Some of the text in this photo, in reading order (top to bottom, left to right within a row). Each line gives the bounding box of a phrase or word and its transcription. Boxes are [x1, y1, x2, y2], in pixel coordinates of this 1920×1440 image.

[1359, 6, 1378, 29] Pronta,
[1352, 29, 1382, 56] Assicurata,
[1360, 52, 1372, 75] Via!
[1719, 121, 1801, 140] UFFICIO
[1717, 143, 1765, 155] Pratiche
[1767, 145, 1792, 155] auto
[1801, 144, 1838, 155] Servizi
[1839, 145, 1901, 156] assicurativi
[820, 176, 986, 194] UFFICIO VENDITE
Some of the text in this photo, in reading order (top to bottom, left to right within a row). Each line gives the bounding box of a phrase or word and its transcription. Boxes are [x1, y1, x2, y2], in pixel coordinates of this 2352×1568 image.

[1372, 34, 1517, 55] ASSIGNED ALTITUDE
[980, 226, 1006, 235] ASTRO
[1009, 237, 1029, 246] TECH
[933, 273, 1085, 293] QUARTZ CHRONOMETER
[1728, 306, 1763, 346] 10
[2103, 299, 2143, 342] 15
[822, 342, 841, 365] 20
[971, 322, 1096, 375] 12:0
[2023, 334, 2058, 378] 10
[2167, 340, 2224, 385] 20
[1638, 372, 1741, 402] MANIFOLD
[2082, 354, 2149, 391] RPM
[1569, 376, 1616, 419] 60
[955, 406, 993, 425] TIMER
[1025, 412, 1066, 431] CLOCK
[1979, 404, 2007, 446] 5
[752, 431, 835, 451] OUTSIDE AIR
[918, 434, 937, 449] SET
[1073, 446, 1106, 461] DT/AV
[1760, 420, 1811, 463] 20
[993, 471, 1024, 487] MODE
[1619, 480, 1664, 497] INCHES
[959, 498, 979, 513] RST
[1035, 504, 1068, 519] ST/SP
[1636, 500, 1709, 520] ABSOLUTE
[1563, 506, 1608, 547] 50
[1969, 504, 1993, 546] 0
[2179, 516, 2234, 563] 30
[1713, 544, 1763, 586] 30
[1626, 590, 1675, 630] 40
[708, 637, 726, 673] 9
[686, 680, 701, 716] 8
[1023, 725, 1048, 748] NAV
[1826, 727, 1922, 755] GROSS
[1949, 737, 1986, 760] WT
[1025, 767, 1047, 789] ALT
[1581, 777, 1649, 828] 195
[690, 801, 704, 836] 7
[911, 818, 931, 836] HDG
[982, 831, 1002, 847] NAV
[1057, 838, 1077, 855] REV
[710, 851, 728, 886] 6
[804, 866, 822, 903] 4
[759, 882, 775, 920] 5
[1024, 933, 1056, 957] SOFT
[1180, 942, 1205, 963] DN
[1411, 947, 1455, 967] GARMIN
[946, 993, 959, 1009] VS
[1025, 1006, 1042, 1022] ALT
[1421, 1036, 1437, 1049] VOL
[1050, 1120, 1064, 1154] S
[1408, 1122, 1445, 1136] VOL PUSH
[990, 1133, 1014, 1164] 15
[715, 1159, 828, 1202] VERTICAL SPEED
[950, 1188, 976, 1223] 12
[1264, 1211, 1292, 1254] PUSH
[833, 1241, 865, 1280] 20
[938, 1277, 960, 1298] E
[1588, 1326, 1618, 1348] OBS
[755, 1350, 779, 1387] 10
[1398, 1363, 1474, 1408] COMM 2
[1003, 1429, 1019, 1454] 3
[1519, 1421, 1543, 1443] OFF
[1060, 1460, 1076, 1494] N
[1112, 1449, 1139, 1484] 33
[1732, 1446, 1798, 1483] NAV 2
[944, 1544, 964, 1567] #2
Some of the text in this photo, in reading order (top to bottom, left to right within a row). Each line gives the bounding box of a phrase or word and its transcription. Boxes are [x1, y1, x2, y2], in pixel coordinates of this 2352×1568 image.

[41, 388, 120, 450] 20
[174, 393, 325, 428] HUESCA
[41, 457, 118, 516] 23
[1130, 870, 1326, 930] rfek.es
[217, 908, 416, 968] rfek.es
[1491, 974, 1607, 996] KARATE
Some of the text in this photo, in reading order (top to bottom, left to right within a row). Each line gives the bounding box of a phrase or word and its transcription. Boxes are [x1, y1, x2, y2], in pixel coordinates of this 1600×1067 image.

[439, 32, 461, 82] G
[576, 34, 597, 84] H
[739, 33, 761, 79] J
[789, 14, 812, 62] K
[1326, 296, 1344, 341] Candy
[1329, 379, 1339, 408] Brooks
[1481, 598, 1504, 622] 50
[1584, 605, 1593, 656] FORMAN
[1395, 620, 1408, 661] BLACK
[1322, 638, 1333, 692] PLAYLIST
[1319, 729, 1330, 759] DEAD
________________________
*EXERCISE GOAL*:
Your output should match the records above word for word.

*ANSWER SPACE*:
Some of the text in this photo, in reading order (top to bottom, left to right within a row). Each line gives the bounding box of a phrase or word and its transcription. Boxes are [x1, y1, x2, y2], in pixel coordinates of this 1920×1440 image.

[1359, 6, 1378, 29] Pronta,
[1352, 29, 1382, 56] Assicurata,
[1360, 52, 1372, 75] Via!
[1719, 121, 1801, 140] UFFICIO
[1717, 143, 1765, 155] Pratiche
[1767, 145, 1792, 155] auto
[1801, 144, 1838, 155] Servizi
[1839, 145, 1901, 156] assicurativi
[820, 176, 986, 194] UFFICIO VENDITE
Some of the text in this photo, in reading order (top to bottom, left to right within a row). Each line gives the bounding box of a phrase or word and its transcription. Boxes are [x1, y1, x2, y2], in pixel coordinates of this 2352×1568 image.

[1372, 34, 1517, 55] ASSIGNED ALTITUDE
[980, 226, 1006, 235] ASTRO
[1009, 237, 1029, 246] TECH
[933, 273, 1085, 293] QUARTZ CHRONOMETER
[1728, 306, 1763, 346] 10
[2103, 299, 2143, 342] 15
[822, 342, 841, 365] 20
[971, 322, 1096, 375] 12:0
[2023, 334, 2058, 378] 10
[2167, 340, 2224, 385] 20
[1638, 372, 1741, 402] MANIFOLD
[2082, 354, 2149, 391] RPM
[1569, 376, 1616, 419] 60
[955, 406, 993, 425] TIMER
[1025, 412, 1066, 431] CLOCK
[1979, 404, 2007, 446] 5
[752, 431, 835, 451] OUTSIDE AIR
[918, 434, 937, 449] SET
[1073, 446, 1106, 461] DT/AV
[1760, 420, 1811, 463] 20
[993, 471, 1024, 487] MODE
[1619, 480, 1664, 497] INCHES
[959, 498, 979, 513] RST
[1035, 504, 1068, 519] ST/SP
[1636, 500, 1709, 520] ABSOLUTE
[1563, 506, 1608, 547] 50
[1969, 504, 1993, 546] 0
[2179, 516, 2234, 563] 30
[1713, 544, 1763, 586] 30
[1626, 590, 1675, 630] 40
[708, 637, 726, 673] 9
[686, 680, 701, 716] 8
[1023, 725, 1048, 748] NAV
[1826, 727, 1922, 755] GROSS
[1949, 737, 1986, 760] WT
[1025, 767, 1047, 789] ALT
[1581, 777, 1649, 828] 195
[690, 801, 704, 836] 7
[911, 818, 931, 836] HDG
[982, 831, 1002, 847] NAV
[1057, 838, 1077, 855] REV
[710, 851, 728, 886] 6
[804, 866, 822, 903] 4
[759, 882, 775, 920] 5
[1024, 933, 1056, 957] SOFT
[1180, 942, 1205, 963] DN
[1411, 947, 1455, 967] GARMIN
[946, 993, 959, 1009] VS
[1025, 1006, 1042, 1022] ALT
[1421, 1036, 1437, 1049] VOL
[1050, 1120, 1064, 1154] S
[1408, 1122, 1445, 1136] VOL PUSH
[990, 1133, 1014, 1164] 15
[715, 1159, 828, 1202] VERTICAL SPEED
[950, 1188, 976, 1223] 12
[1264, 1211, 1292, 1254] PUSH
[833, 1241, 865, 1280] 20
[938, 1277, 960, 1298] E
[1588, 1326, 1618, 1348] OBS
[755, 1350, 779, 1387] 10
[1398, 1363, 1474, 1408] COMM 2
[1003, 1429, 1019, 1454] 3
[1519, 1421, 1543, 1443] OFF
[1060, 1460, 1076, 1494] N
[1112, 1449, 1139, 1484] 33
[1732, 1446, 1798, 1483] NAV 2
[944, 1544, 964, 1567] #2
Some of the text in this photo, in reading order (top to bottom, left to right within a row). Each line gives the bounding box of a phrase or word and its transcription. Boxes are [x1, y1, x2, y2], in pixel coordinates of this 2352×1568 image.

[41, 388, 120, 450] 20
[174, 393, 325, 428] HUESCA
[41, 457, 118, 516] 23
[1130, 870, 1326, 930] rfek.es
[217, 908, 416, 968] rfek.es
[1491, 974, 1607, 996] KARATE
Some of the text in this photo, in reading order (top to bottom, left to right within a row). Each line gives the bounding box of a phrase or word and its transcription. Boxes are [x1, y1, x2, y2], in pixel coordinates of this 1600×1067 image.

[439, 32, 461, 82] G
[576, 34, 597, 84] H
[739, 33, 761, 79] J
[789, 14, 812, 62] K
[1326, 296, 1344, 341] Candy
[1329, 379, 1339, 408] Brooks
[1481, 598, 1504, 622] 50
[1584, 605, 1593, 656] FORMAN
[1395, 620, 1408, 661] BLACK
[1322, 638, 1333, 692] PLAYLIST
[1319, 729, 1330, 759] DEAD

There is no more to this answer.